Préparer les pourparlers politiques avec Pékin

Enfin, ayant pour la première fois, sous la pression américaine, accepté d’étendre les pourparlers avec Pékin aux questions politiques lors de la reprise de ceux-ci en octobre 1998, et se préparant à recevoir Wang Daohan à Taipei à l’automne 1999, les Taiwanais ne pouvaient pas, avant d’entrer dans le vif du sujet, ne pas indiquer à la Chine populaire les limites maximales de leur flexibilité. A cet égard également, la date de la déclaration de Lee ne pouvait être plus opportune.

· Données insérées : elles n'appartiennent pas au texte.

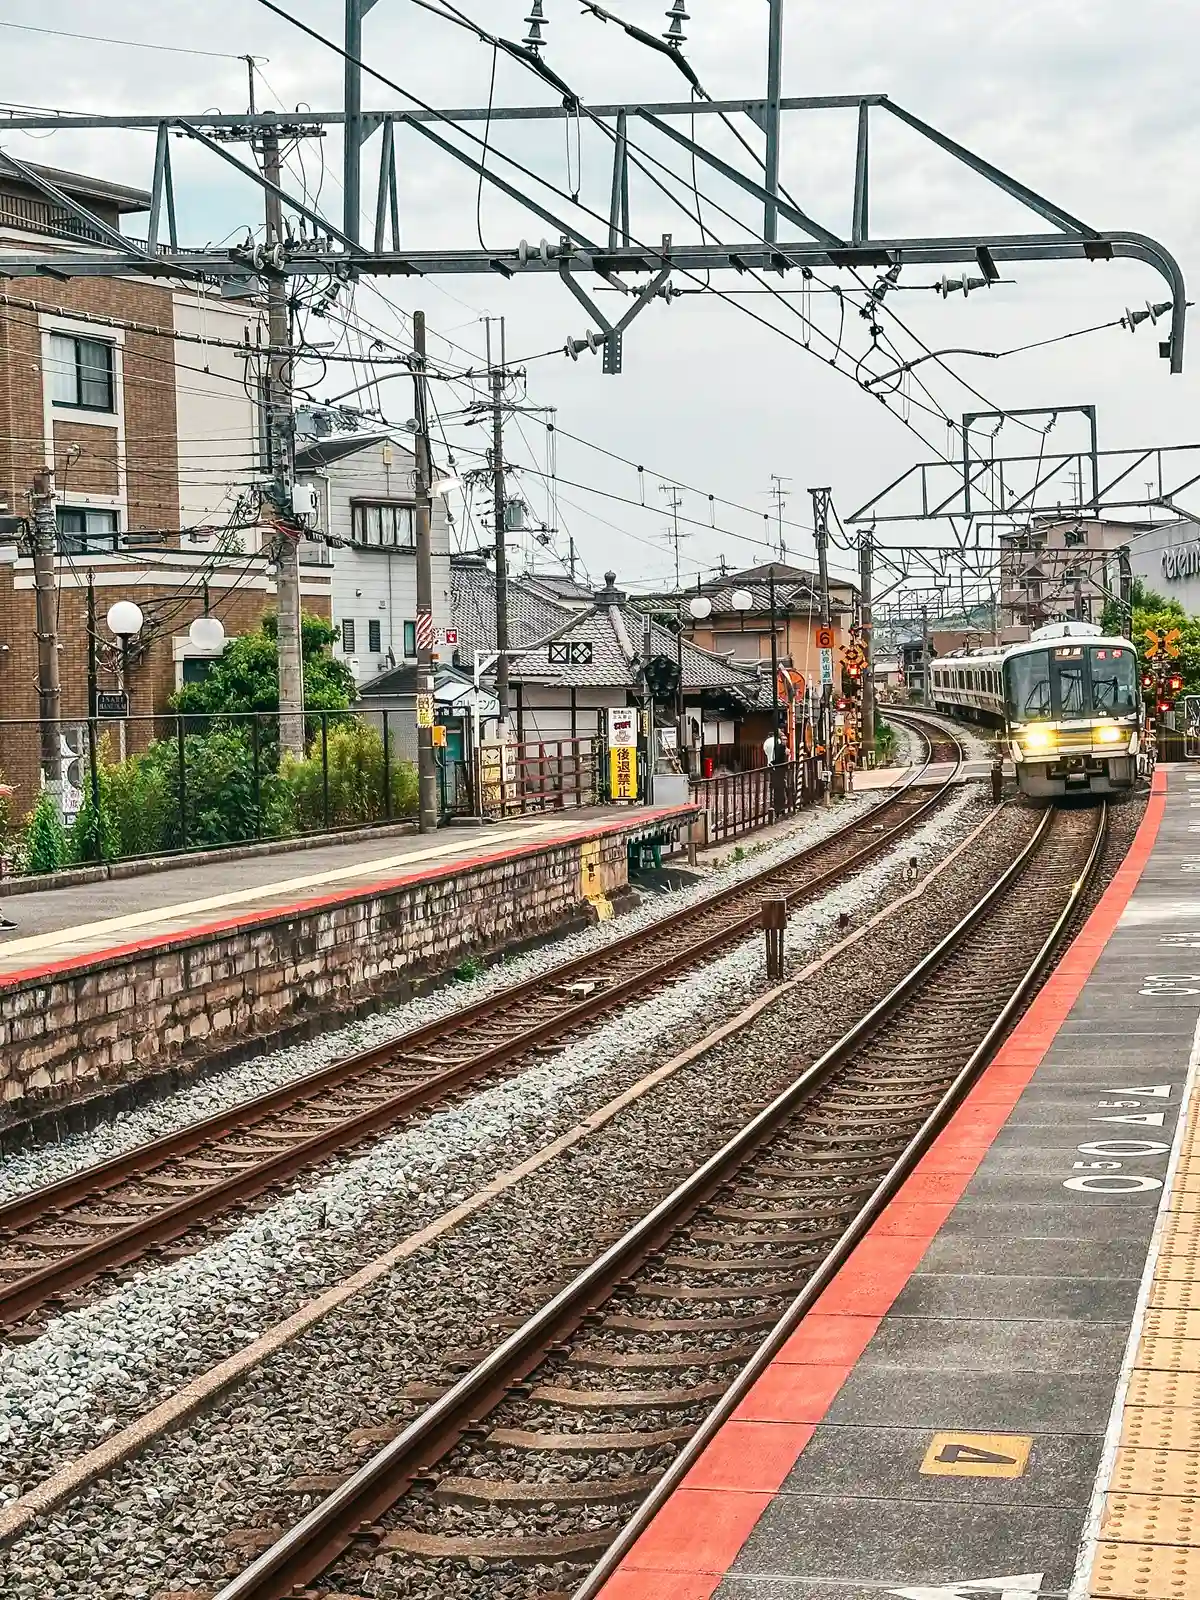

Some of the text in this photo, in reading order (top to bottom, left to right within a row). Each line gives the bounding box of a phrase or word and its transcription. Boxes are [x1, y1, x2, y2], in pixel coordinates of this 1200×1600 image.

[820, 632, 830, 645] 6
[616, 748, 632, 798] 後退禁止

Au fond, contrairement à ce qui a pu être perçu aux Etats-Unis ou en République populaire, les propos de Lee ne constituaient-ils pas aussi un signal à Pékin lui indiquant en substance : « Nous sommes disposés à ouvrir un dialogue politique avec vous mais laissez-moi vous rappeler les limites qu’aucun gouvernement taiwanais ne pourra jamais outrepasser : la République de Chine est un Etat à part entière qui ne peut être dissous dans votre formule ‘un pays - deux systèmes’ ; abandonnez plutôt tout recours à la force contre nous comme nous l’avons fait il y a maintenant déjà huit ans et préparez-vous à nous reconnaître car nous sommes disposés à accomplir le même geste à votre égard ».

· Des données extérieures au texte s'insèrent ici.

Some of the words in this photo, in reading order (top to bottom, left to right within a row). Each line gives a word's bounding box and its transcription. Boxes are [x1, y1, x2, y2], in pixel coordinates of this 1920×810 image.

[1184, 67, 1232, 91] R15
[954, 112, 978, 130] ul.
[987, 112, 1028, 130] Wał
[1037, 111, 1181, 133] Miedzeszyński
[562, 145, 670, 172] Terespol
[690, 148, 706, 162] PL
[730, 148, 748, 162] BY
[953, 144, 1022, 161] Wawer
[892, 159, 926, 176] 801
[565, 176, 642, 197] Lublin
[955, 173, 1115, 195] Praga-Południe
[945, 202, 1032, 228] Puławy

Par cette déclaration, Lee n’a nullement cherché à remettre en cause la politique d’une seule Chine suivie par les Etats-Unis ou tout autre pays. Taiwan sait trop bien qu’aucun gouvernement tiers ne bougera sur cette question tant que Pékin ne modifiera pas son attitude. Il a simplement voulu rappeler que toute négociation politique entre les deux rives ne pourrait longtemps continuer d’ignorer la question de la souveraineté : en d’autres termes, aucun accord « intermédiaire » ou « de fin d’hostilités » (proposé par Jiang Zemin en janvier 1995) entre les deux rives ne pourra être conclu sans que la Chine populaire admette d’une manière ou d’une autre l’existence de la République de Chine. Comme dans d’autres conflits internationaux, par exemple le différend israelo-palestinien, toute solution passe par la « reconnaissance de l’autre » et de la réalité, c’est-à-dire par la reconnaissance de la division du pays en deux Etats à la fois séparés, indépendants et constitutifs de la nation chinoise.

La réaction de Pékin

La réaction de Pékin à cette déclaration de bon sens ne s’est probablement pas encore totalement exprimée : des rumeurs insistantes téléguidées par la presse pro-communiste de Hong Kong, cherchent à accréditer l’idée que Pékin, affectionnant son rôle de maître d’école régional, entendrait « donner une leçon » à « l’île rebelle » de préférence après les fastes du cinquantenaire de la Chine populaire, le 1er octobre, et avant l’élection présidentielle taiwanaise de mars prochain (19). D’après certaines sources, cette opération consisterait à occuper provisoirement une des îles contrôlées par Taipei et situées à quelques encablures des côtes du Fujian, rappelant l’invasion par l’APL de l’Anaruchal Pradesh au nord de l’Inde en 1962 (20).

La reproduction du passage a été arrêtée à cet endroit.